The second argument that supports my denial of Gregory's motion is the State's immunity from suit in federal court, and failure to waive that immunity. The Eleventh Amendment to the U.S. Constitution provides that “[t]he Judicial power of the United States shall not be construed to extend to any suit in law or equity, commenced or prosecuted against one of the United States[.]” The Eleventh Amendment “bars ‘a suit by a citizen against the citizen's own State in Federal Court.'” Johnson-Bey v. Indiana Department of Corrections, 668 F.Supp.2d 1122, 1126 (N.D.Ind. 2009). “The Eleventh Amendment's jurisdictional bar extends to state agencies, such as the IDOC as well as to the State itself.” Id., citing Kashani v.
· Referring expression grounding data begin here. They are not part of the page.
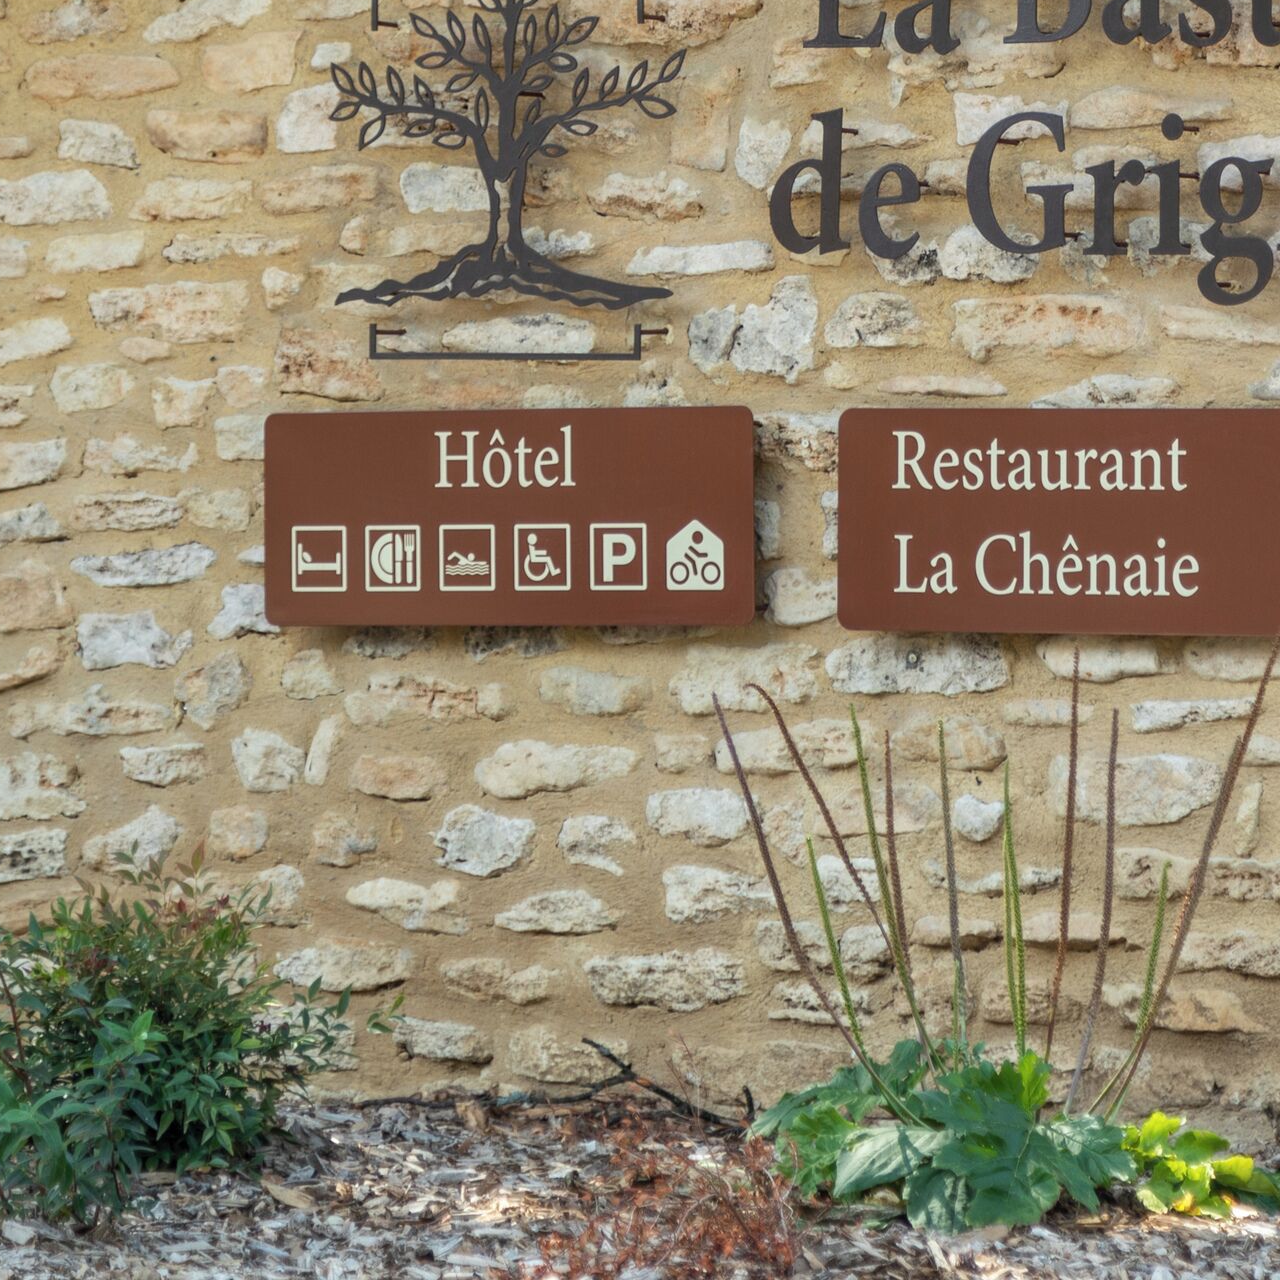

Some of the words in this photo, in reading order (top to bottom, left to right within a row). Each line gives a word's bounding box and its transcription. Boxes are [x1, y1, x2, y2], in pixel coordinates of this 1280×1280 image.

[769, 108, 920, 259] de
[434, 425, 576, 488] Hôtel
[892, 430, 1187, 492] Restaurant
[893, 534, 958, 595] La
[975, 531, 1200, 597] Chênaie
Purdue University, 813 F.2d 843, 845 (7th Cir. 1987). Under the Eleventh Amendment, a state and its agencies and departments are immune from suits in federal court unless the State consents. Pennhurst State Sch. & Hosp. v. Halderman, 465 U.S. 89, 100 (1984); Employees v. Missouri Public Health & Welfare Dep't, 411 U.S. 279, 280 (1973). Defendants point out that even if the State or IDOC were a named defendant, “Indiana Code §34-13-4-3 makes clear that the indemnification provisions of that chapter do not constitute a waiver of Eleventh Amendment immunity.” [DE 211 at 4.]
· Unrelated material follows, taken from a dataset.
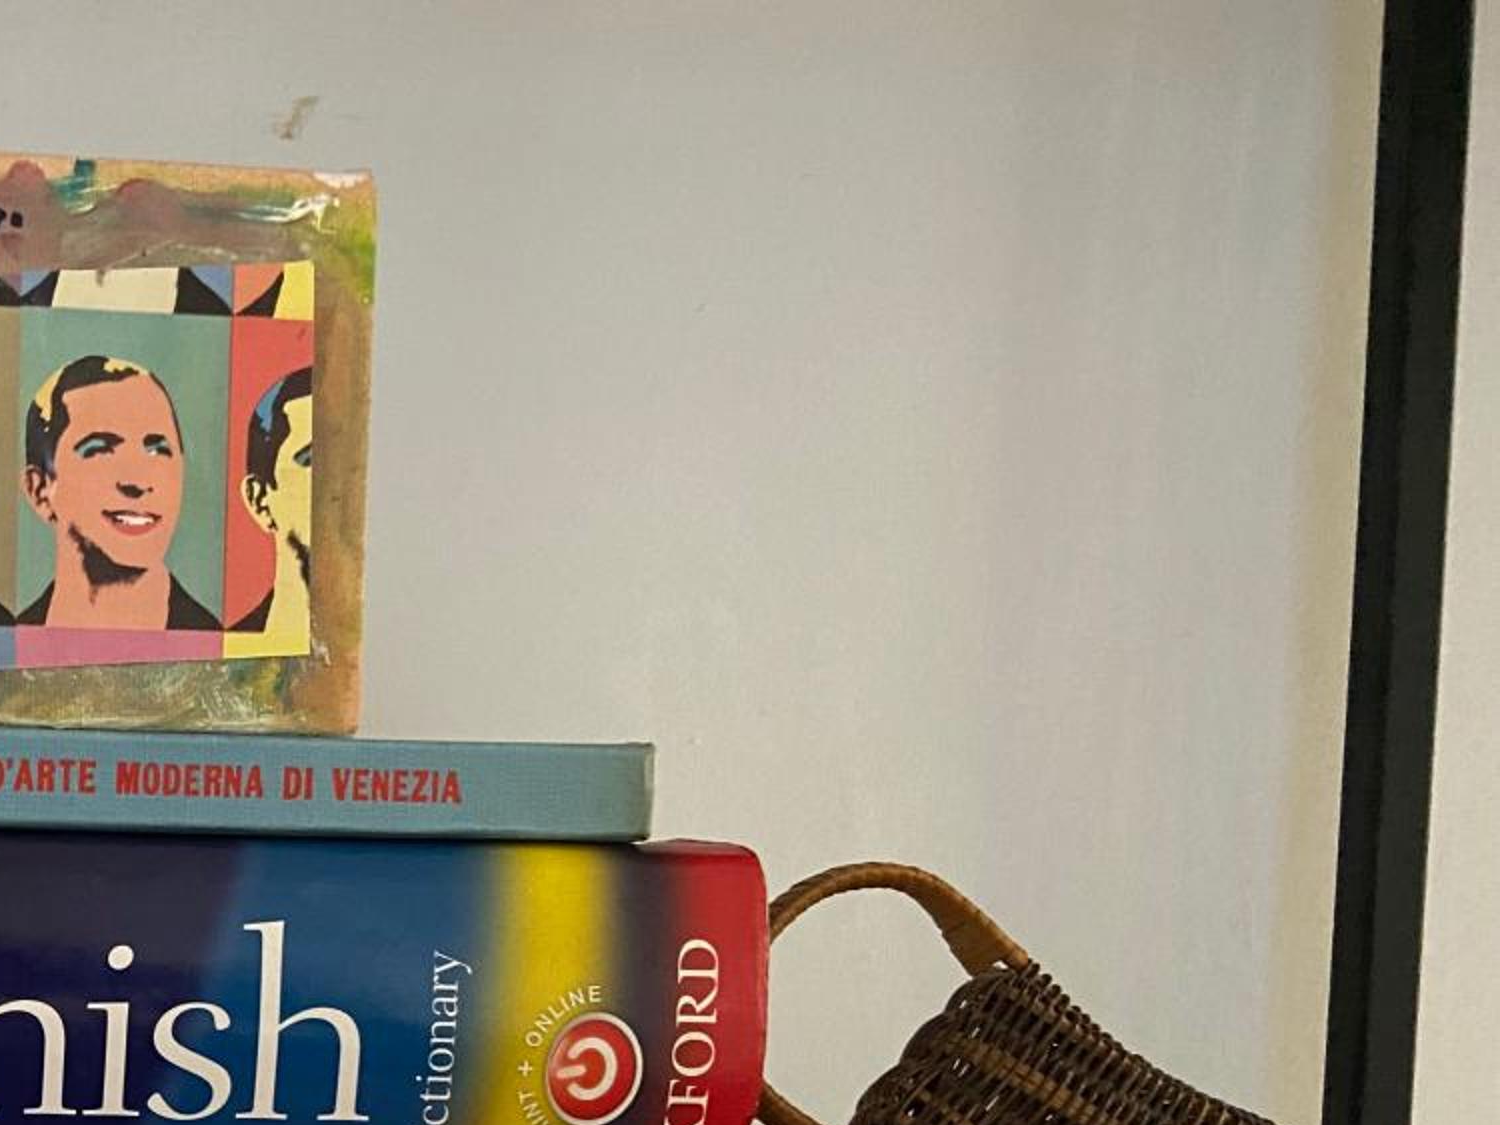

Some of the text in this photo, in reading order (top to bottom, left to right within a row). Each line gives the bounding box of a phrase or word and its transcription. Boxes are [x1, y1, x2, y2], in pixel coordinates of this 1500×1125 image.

Section §34-13-4-3(1) and (2) expressly provide that: “This chapter shall not be construed as: (1) a waiver of the eleventh amendment to the Constitution of the United States; [or] (2) consent by the state of Indiana or its employees to be sued in any federal court[.]” Magistrate Judge Andrew P. Rodovich of this court has recently dismissed a claim for indemnification under §34-13-4-1 brought in a civil rights action against an Indiana State Police officer both on the ground that the State of Indiana was not a party to the action and that Eleventh Amendment immunity precludes a federal court from entertaining such a claim. Beamon v. Hamed, Case No. 2:19-cv-506, DE 39 at 11-12 (N.D.Ind. Feb 22, 2021). These same considerations leave me with the conclusion that I cannot adjudicate Gregory's claim for indemnification under the Indiana statute.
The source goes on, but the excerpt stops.